Question

I want to mock a method with the declaration A::B X(void). The definition is something as follows.

class A {
    class B;
    virtual B X() = 0;
};

class A::B {
  public:
    auto_ptr<int> something;
};

My mock class, following this, is quite standard.

class mA : public A
{
  public:
    MOCK_METHOD0(X, A::B());
};

Compiled, however, this gives me this weirdo error, and I haven't been able to track it down. What is wrong with this?

In member function ‘virtual A::B mA::X()’:
...: error: no matching function for call to ‘A::B::B(A::B)’
...: note: candidates are: A::B::B()
...:                       A::B::B(A::B&)

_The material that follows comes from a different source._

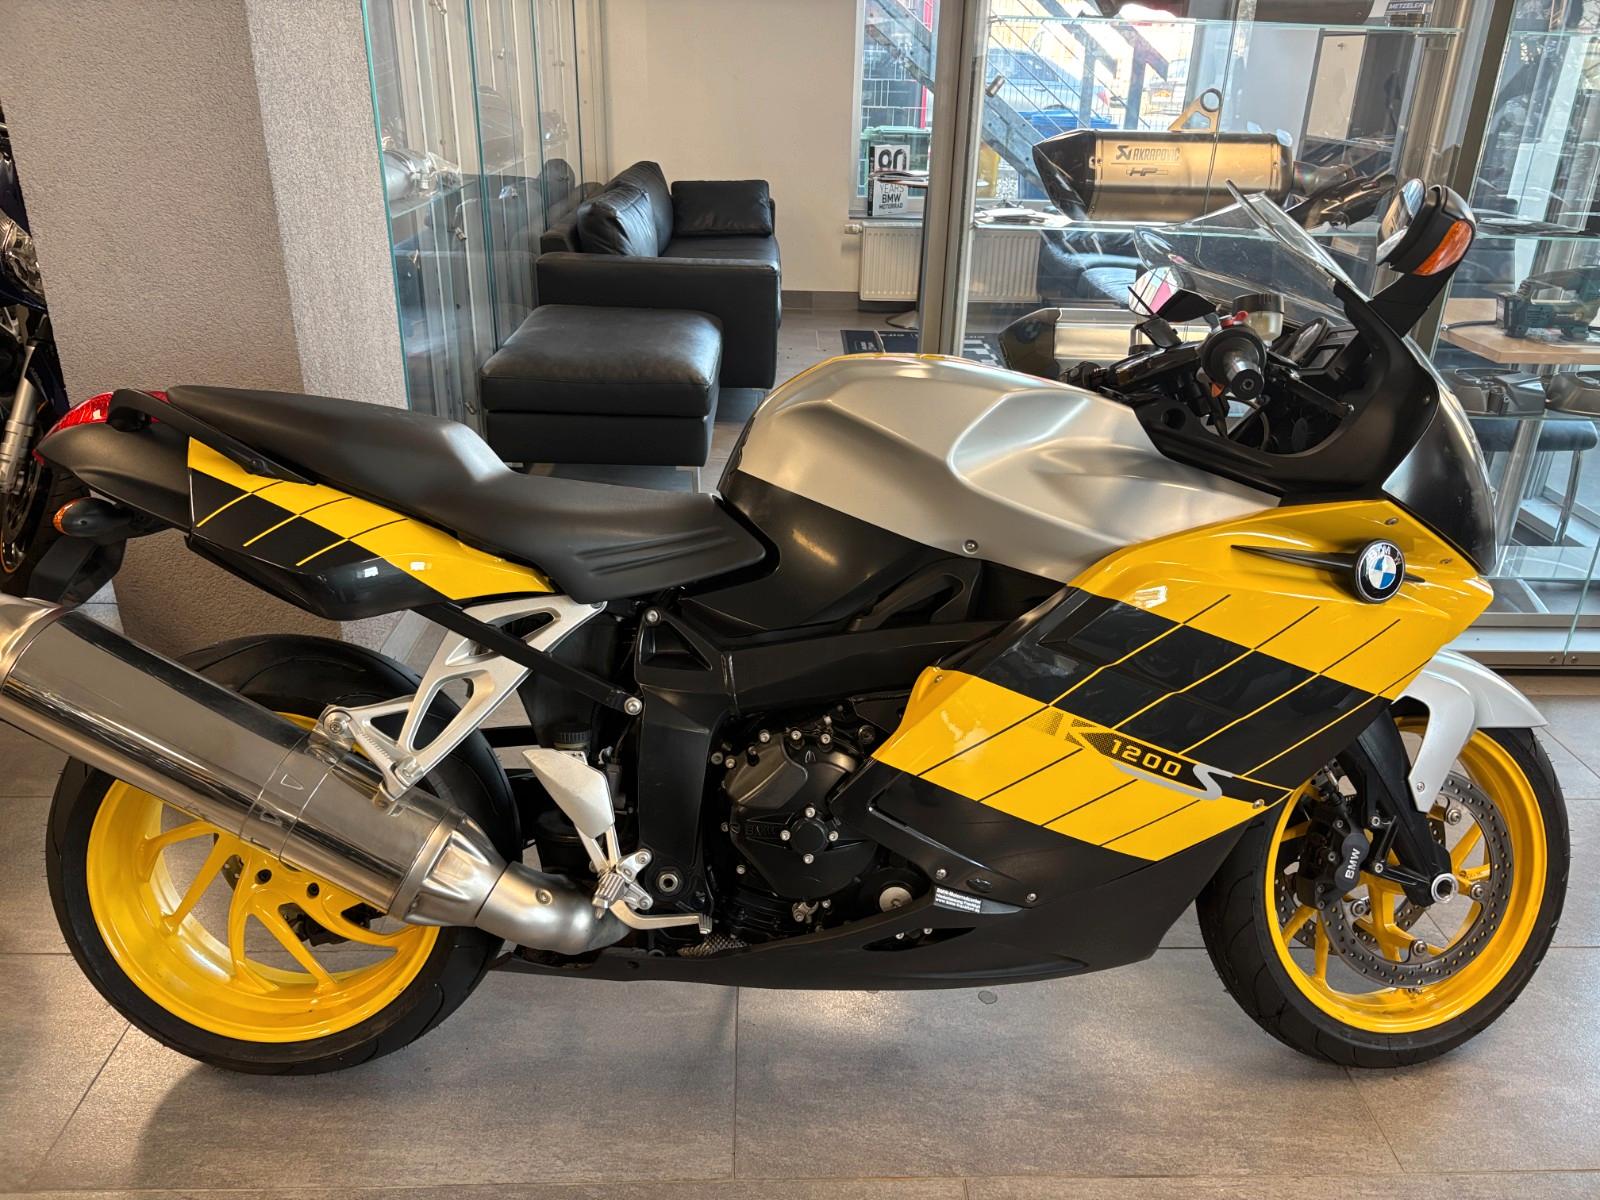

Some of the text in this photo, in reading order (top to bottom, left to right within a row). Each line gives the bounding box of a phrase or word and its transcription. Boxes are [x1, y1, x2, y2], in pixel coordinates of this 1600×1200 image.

Update I have found a failing code sample to demonstrate this.

#include <gmock/gmock.h>
#include <memory>
using std::auto_ptr;

class thing {
  public:
    class result;
    virtual result accessor () = 0;
};

class thing::result {
    auto_ptr<int> x;   // If this just "int", error goes away.
};

namespace mock {
    class thing : ::thing {
      public:
        MOCK_METHOD0 ( accessor, result() );
    };
}
Was it helpful?

Solution

It is hard to tell without the definitions of A and B. sounds like it is trying to construct a B from a temporary and failing because it can't bind the temporary to a non-const reference.

For example, your copy constructor might be defined as:

class A {
 public:
  class B {
   public:
    // This should be const, without good reason to make it otherwise.
    B(B&); 
  };
};

With the fix just making it a const reference.